Try it: Reproduce the records below in full and without edits, omitting images.
──────
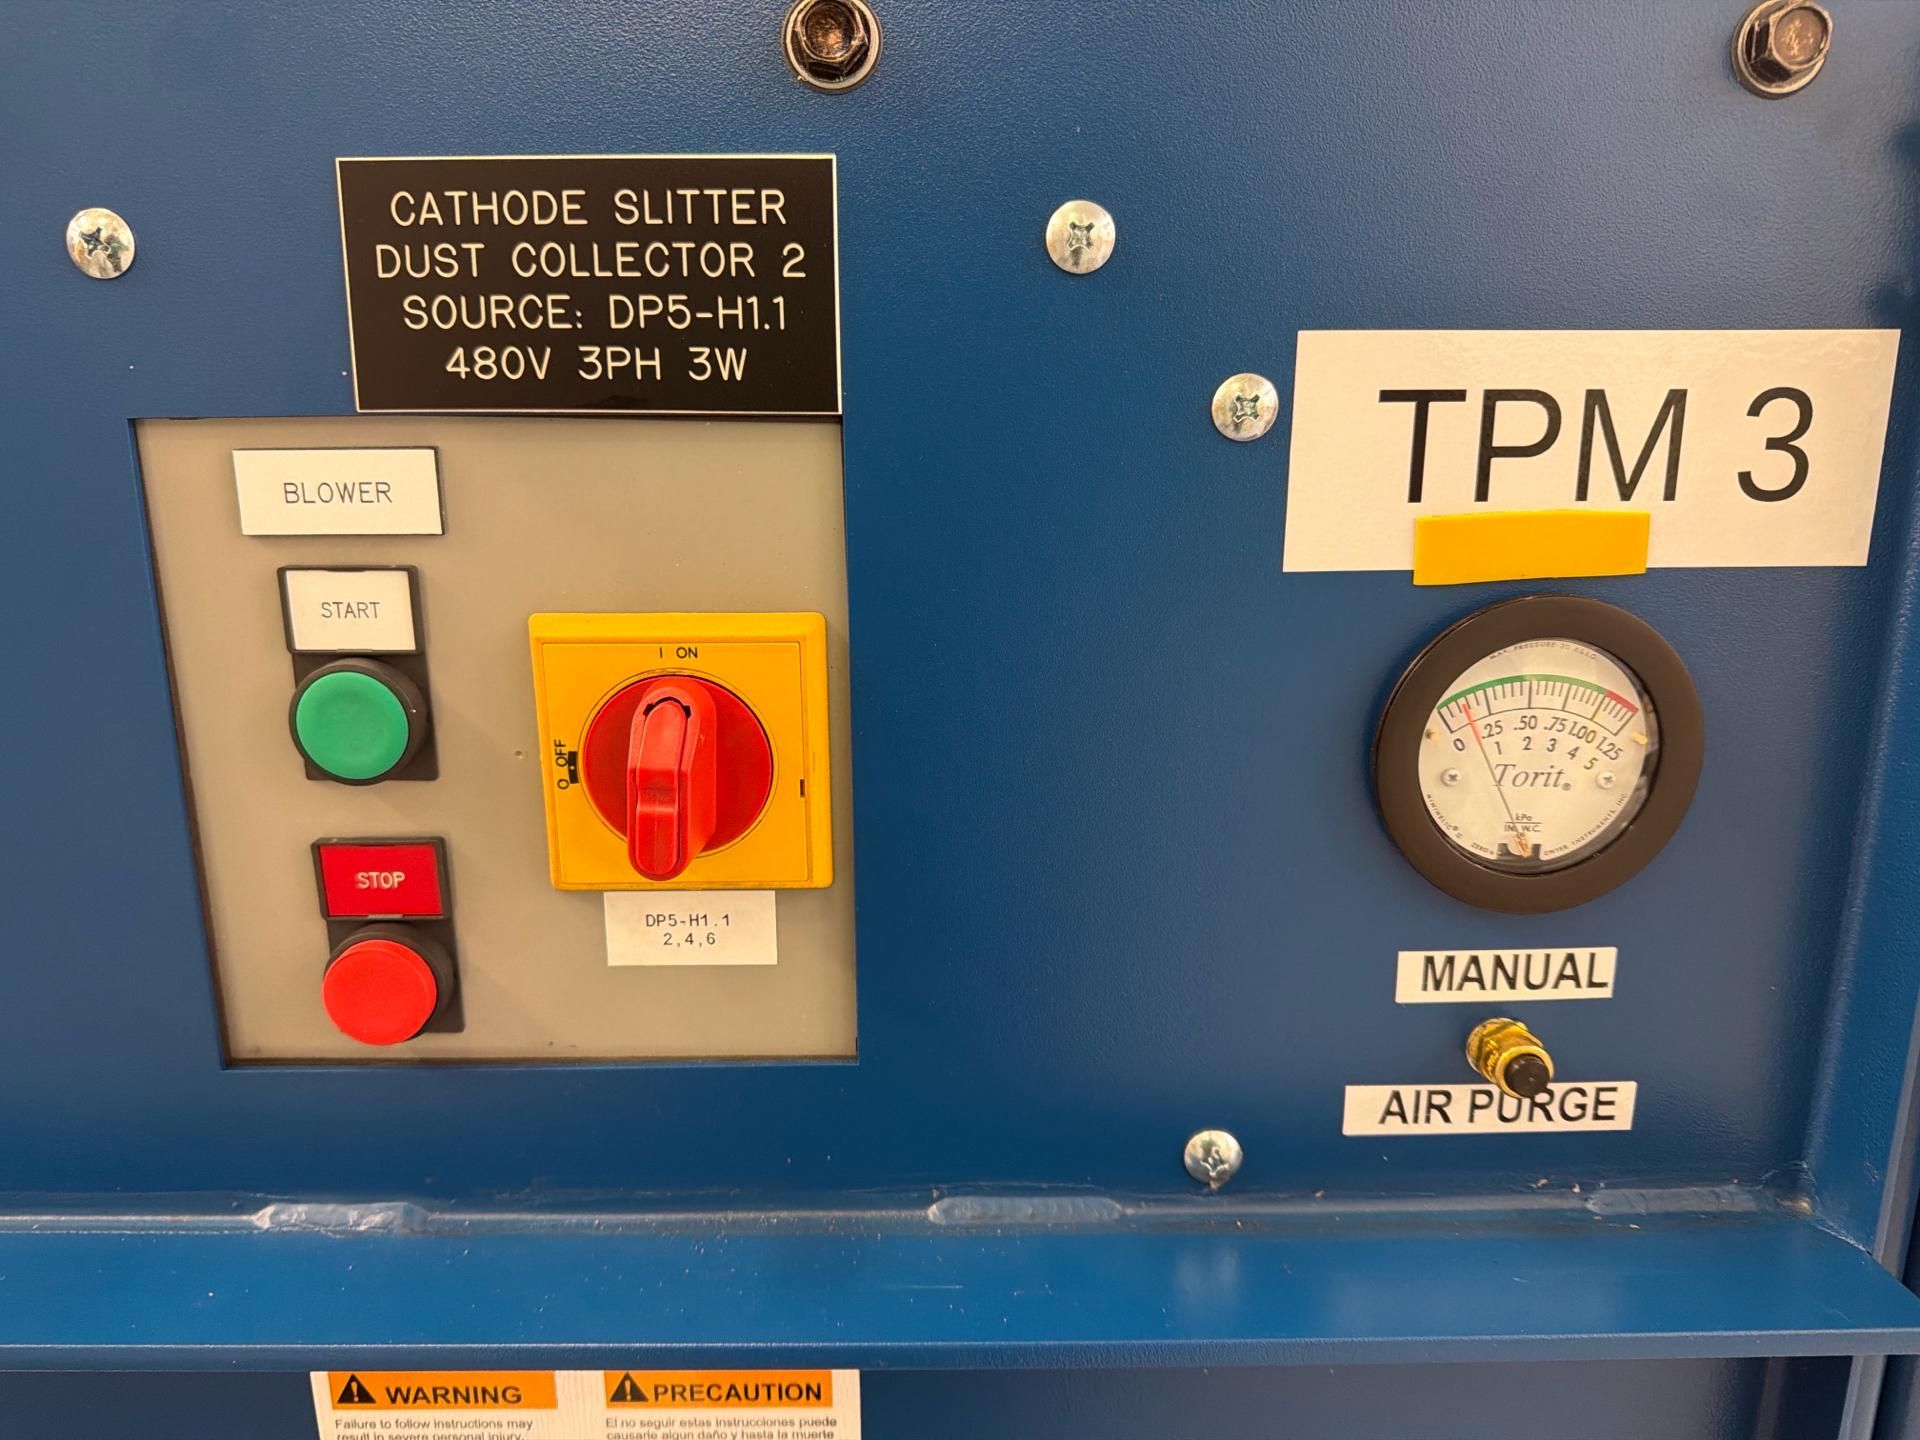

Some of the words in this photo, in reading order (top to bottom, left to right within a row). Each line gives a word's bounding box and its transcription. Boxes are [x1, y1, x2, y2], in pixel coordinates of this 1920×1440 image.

[390, 190, 588, 226] CATHODE
[614, 188, 787, 225] SLITTER
[376, 243, 485, 279] DUST
[511, 242, 755, 278] COLLECTOR
[782, 242, 807, 278] 2
[403, 295, 583, 330] SOURCE:
[609, 294, 786, 330] DP5-H1.1
[445, 346, 552, 380] 480V
[578, 346, 661, 380] 3PH
[688, 347, 748, 381] 3W
[1378, 388, 1688, 503] TPM
[1737, 386, 1814, 502] 3
[283, 482, 393, 504] BLOWER
[320, 601, 380, 619] START
[676, 647, 698, 659] ON
[1453, 738, 1466, 752] 0
[1481, 720, 1504, 739] .25
[1513, 715, 1538, 731] .50
[1543, 716, 1568, 733] .75
[1568, 721, 1598, 745] 1.00
[1598, 736, 1624, 761] 1.25
[553, 738, 568, 767] OFF
[1521, 736, 1533, 751] 2
[1546, 738, 1558, 753] 3
[1567, 746, 1580, 760] 4
[1584, 757, 1599, 770] 5
[355, 871, 406, 889] STOP
[645, 914, 731, 928] DP5-H1.1
[1421, 952, 1609, 992] MANUAL
[1378, 1088, 1453, 1125] AIR
[1467, 1086, 1618, 1124] PURGE
[386, 1386, 523, 1405] WARNING
[653, 1382, 823, 1402] PRECAUTION
[335, 1419, 377, 1430] Failure
[380, 1419, 392, 1430] to
[395, 1419, 431, 1430] follow
[434, 1418, 503, 1430] instructions
[506, 1419, 534, 1431] may
[605, 1417, 617, 1428] El
[621, 1419, 636, 1428] no
[639, 1416, 675, 1430] seguir
[679, 1417, 712, 1428] estas
[716, 1416, 795, 1428] instrucciones
[799, 1416, 838, 1430] puede
[337, 1431, 370, 1440] result
[373, 1431, 385, 1440] in
[388, 1432, 429, 1440] severe
[432, 1431, 485, 1440] personal
[699, 1430, 728, 1440] daño
[730, 1431, 737, 1440] y
[741, 1430, 774, 1440] hasta
[777, 1429, 788, 1440] la
[792, 1430, 835, 1440] muerte
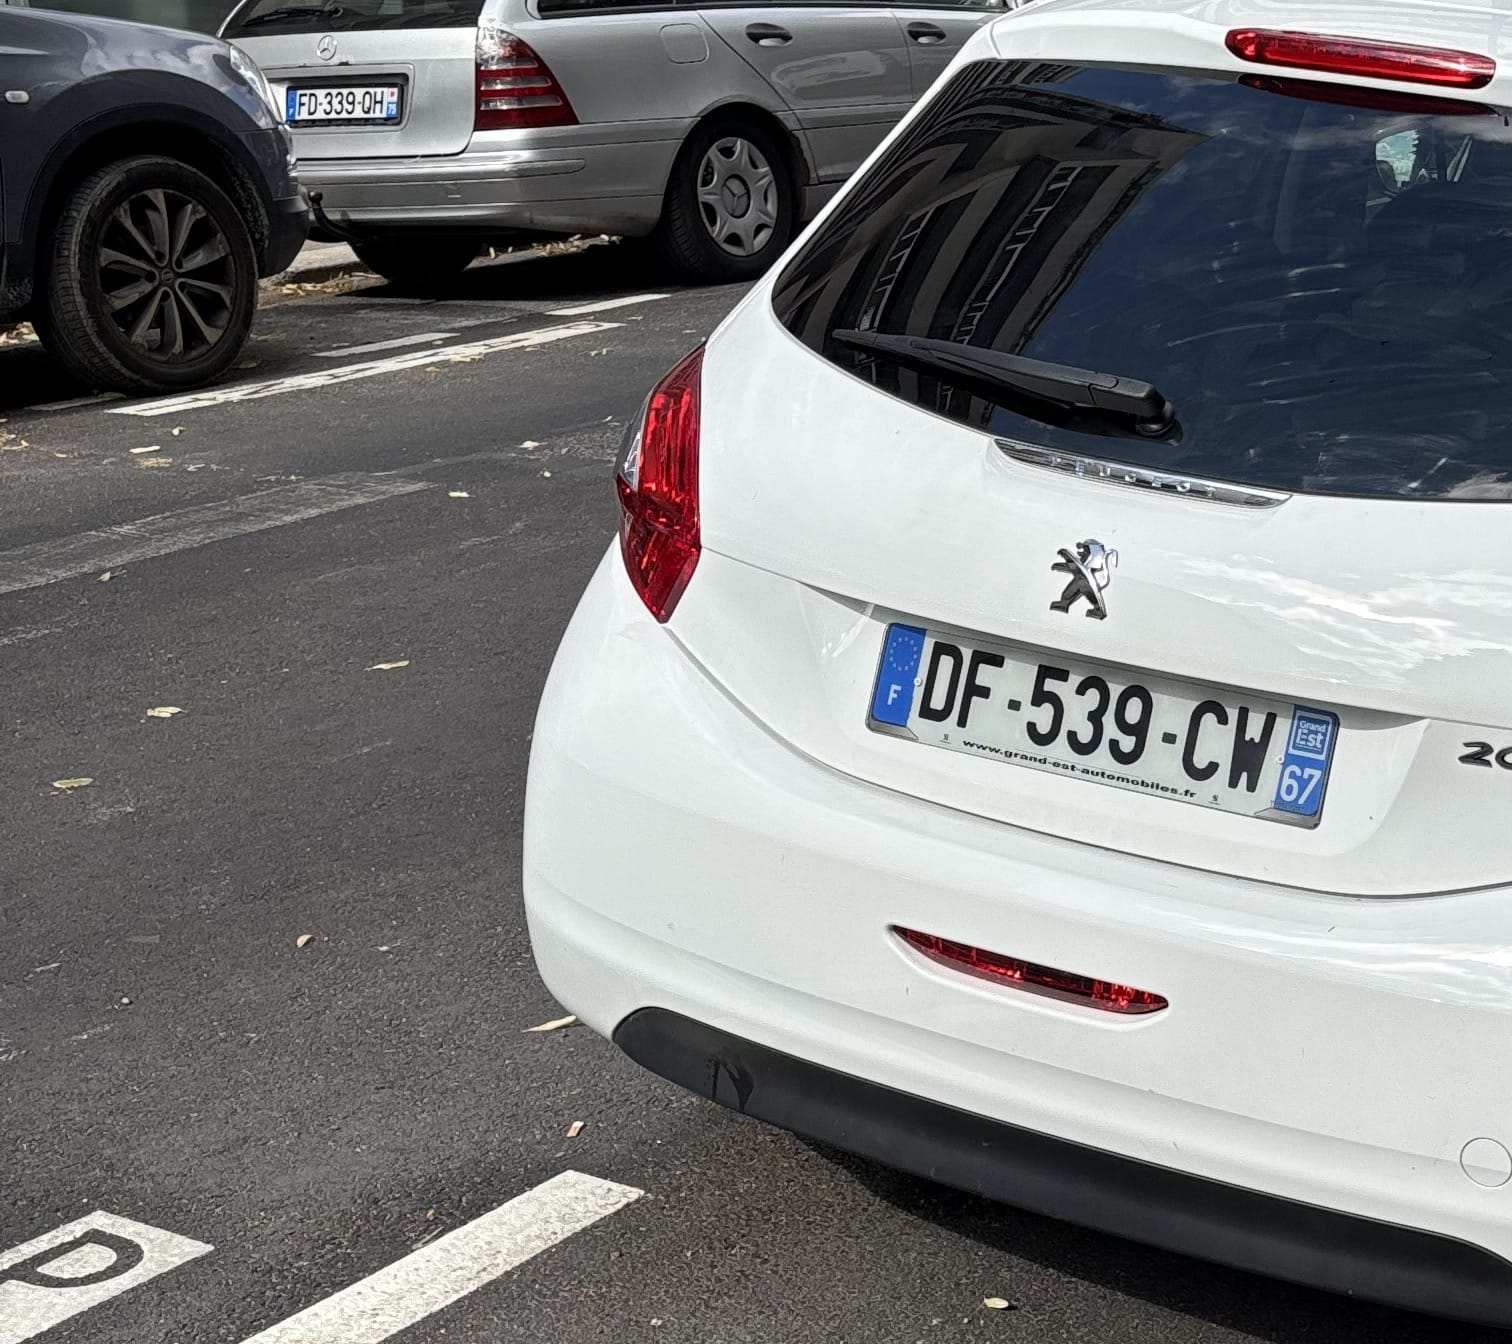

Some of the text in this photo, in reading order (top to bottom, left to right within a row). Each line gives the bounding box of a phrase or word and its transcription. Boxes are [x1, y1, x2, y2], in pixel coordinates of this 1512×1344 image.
──────
Response:
Some of the words in this photo, in reading order (top to bottom, left to right within a row). Each line gives a word's bounding box and its transcription. Boxes are [x1, y1, x2, y2], in pixel coordinates of this 1920×1440 image.

[390, 190, 588, 226] CATHODE
[614, 188, 787, 225] SLITTER
[376, 243, 485, 279] DUST
[511, 242, 755, 278] COLLECTOR
[782, 242, 807, 278] 2
[403, 295, 583, 330] SOURCE:
[609, 294, 786, 330] DP5-H1.1
[445, 346, 552, 380] 480V
[578, 346, 661, 380] 3PH
[688, 347, 748, 381] 3W
[1378, 388, 1688, 503] TPM
[1737, 386, 1814, 502] 3
[283, 482, 393, 504] BLOWER
[320, 601, 380, 619] START
[676, 647, 698, 659] ON
[1453, 738, 1466, 752] 0
[1481, 720, 1504, 739] .25
[1513, 715, 1538, 731] .50
[1543, 716, 1568, 733] .75
[1568, 721, 1598, 745] 1.00
[1598, 736, 1624, 761] 1.25
[553, 738, 568, 767] OFF
[1521, 736, 1533, 751] 2
[1546, 738, 1558, 753] 3
[1567, 746, 1580, 760] 4
[1584, 757, 1599, 770] 5
[355, 871, 406, 889] STOP
[645, 914, 731, 928] DP5-H1.1
[1421, 952, 1609, 992] MANUAL
[1378, 1088, 1453, 1125] AIR
[1467, 1086, 1618, 1124] PURGE
[386, 1386, 523, 1405] WARNING
[653, 1382, 823, 1402] PRECAUTION
[335, 1419, 377, 1430] Failure
[380, 1419, 392, 1430] to
[395, 1419, 431, 1430] follow
[434, 1418, 503, 1430] instructions
[506, 1419, 534, 1431] may
[605, 1417, 617, 1428] El
[621, 1419, 636, 1428] no
[639, 1416, 675, 1430] seguir
[679, 1417, 712, 1428] estas
[716, 1416, 795, 1428] instrucciones
[799, 1416, 838, 1430] puede
[337, 1431, 370, 1440] result
[373, 1431, 385, 1440] in
[388, 1432, 429, 1440] severe
[432, 1431, 485, 1440] personal
[699, 1430, 728, 1440] daño
[730, 1431, 737, 1440] y
[741, 1430, 774, 1440] hasta
[777, 1429, 788, 1440] la
[792, 1430, 835, 1440] muerte

Some of the text in this photo, in reading order (top to bottom, left to right within a row). Each line gives the bounding box of a phrase or word and its transcription. Boxes are [x1, y1, x2, y2], in pixel coordinates of this 1512×1344 image.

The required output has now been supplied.